Die Zahl der Sekten (56 Nummern zählt de Groots Liste) war nicht gering und ihre Anhängerschaft groß, insbesondere in Honan, aber auch in andern Provinzen, ständisch besonders oft unter der Dienerschaft der Mandarinen und der Reistributflotte. Der Umstand, daß der orthodoxe (tsching) Konfuzianismus jede Heterodoxie (i tuan) als Versuch der Rebellion behandelte – wie ein Kirchenstaat eben verfährt – hat die meisten von ihnen recht oft dazu getrieben, zur Gewalt zu greifen. Recht viele sind über ein halbes Jahrtausend alt, manche noch älter, trotz aller Verfolgungen.
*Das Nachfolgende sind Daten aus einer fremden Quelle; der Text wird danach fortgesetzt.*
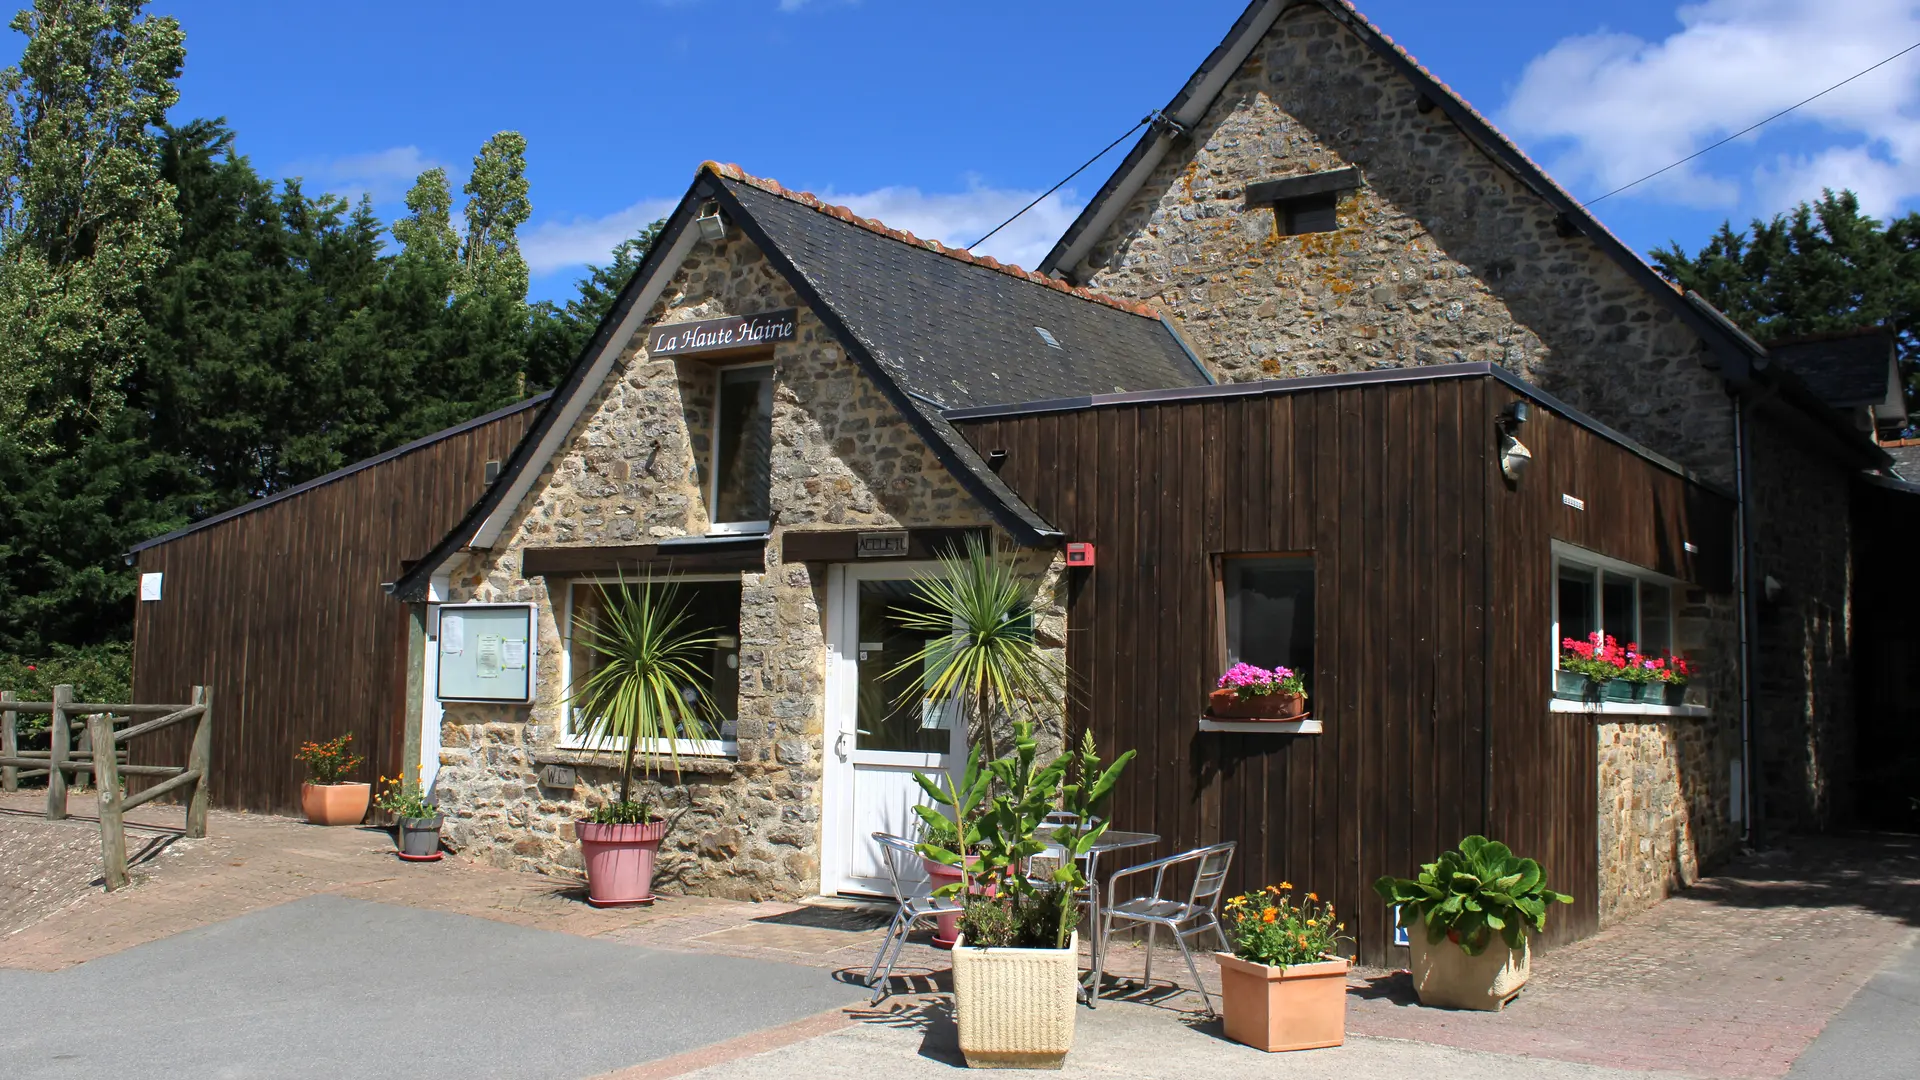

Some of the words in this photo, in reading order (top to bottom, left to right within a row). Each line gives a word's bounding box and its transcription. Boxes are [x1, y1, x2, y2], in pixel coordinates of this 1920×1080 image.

Daß nicht etwa eine unüberwindliche »natürliche Anlage« es war, welche die Chinesen gehindert hat, Religionsformen von der Eigenart des Okzidents zu produzieren, bewies gerade in der neuesten Zeit der imponierende Erfolg der magiefeindlichen und bilderstürmerischen Prophetie Hang-siu-tschuan's, des Tien Wang (»Himmlischen Königs«) des Taiping[379]-tien-kwo (»Himmlischen Reichs des allgemeinen Friedens«, 1850-64), der weitaus mächtigsten und dabei durchaus hierokratischen politisch-ethischen Rebellion gegen die konfuzianische Verwaltung und Ethik, welche, soviel bekannt, China überhaupt erlebt hat[380]. Der angeblich[381] einer verbauerten adligen Sippe angehörige Stifter, ein schwer epileptischer[382] Ekstatiker, war, wie die byzantinischen Bilderstürmer vom Islam, so seinerseits zu seiner radikal allen Geisterglauben und alle Magie und Idolatrie puritanisch verwerfenden, halb mystisch-ekstatischen, halb asketischen Ethik vielleicht mit durch Einfluß protestantischer Missionen und der Bibel angeregt, in seiner Bildung jedoch konfuzianisch geschult (im Staatsexamen durchgefallen) taoistisch beeinflußt. Zu den kanonischen Büchern der von ihm mit Unterstützung seiner Sippe gestifteten Sekte gehörte die Genesis und das Neue Testament, zu ihren Gebräuchen und Symbolen ein der Taufe nachgeahmtes Wasserbad und statt des Abendmahls – infolge der Alkoholabstinenz – eine Art von Thee-Eucharistie, das modifizierte Vaterunser und der ebenfalls charakteristisch modifizierte Dekalog; daneben aber zitierte er das Schi King und andere klassische Werke in etwas krauser Auswahl der für seine Zwecke geeigneten Stellen, dabei natürlich, wie alle Reformer, vor allem zurückgreifend auf Aussprüche und Ordnungen des Kaiser des legendären Urzeitalters.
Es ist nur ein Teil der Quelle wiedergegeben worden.